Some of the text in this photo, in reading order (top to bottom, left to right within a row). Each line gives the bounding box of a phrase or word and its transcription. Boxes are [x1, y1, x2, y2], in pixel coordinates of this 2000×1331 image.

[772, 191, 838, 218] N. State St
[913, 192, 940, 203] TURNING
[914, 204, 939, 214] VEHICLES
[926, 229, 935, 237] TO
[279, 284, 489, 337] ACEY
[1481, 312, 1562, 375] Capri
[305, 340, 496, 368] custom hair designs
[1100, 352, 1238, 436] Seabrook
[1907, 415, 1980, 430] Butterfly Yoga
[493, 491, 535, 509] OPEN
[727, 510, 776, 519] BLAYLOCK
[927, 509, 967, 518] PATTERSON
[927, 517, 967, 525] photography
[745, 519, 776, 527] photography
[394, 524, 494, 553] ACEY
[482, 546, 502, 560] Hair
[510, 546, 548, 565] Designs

##############################

- _ACTIVITY_: Give back every record exactly.

- _EXERCISE RESULT_:
Some of the text in this photo, in reading order (top to bottom, left to right within a row). Each line gives the bounding box of a phrase or word and its transcription. Boxes are [x1, y1, x2, y2], in pixel coordinates of this 2000×1331 image.

[772, 191, 838, 218] N. State St
[913, 192, 940, 203] TURNING
[914, 204, 939, 214] VEHICLES
[926, 229, 935, 237] TO
[279, 284, 489, 337] ACEY
[1481, 312, 1562, 375] Capri
[305, 340, 496, 368] custom hair designs
[1100, 352, 1238, 436] Seabrook
[1907, 415, 1980, 430] Butterfly Yoga
[493, 491, 535, 509] OPEN
[727, 510, 776, 519] BLAYLOCK
[927, 509, 967, 518] PATTERSON
[927, 517, 967, 525] photography
[745, 519, 776, 527] photography
[394, 524, 494, 553] ACEY
[482, 546, 502, 560] Hair
[510, 546, 548, 565] Designs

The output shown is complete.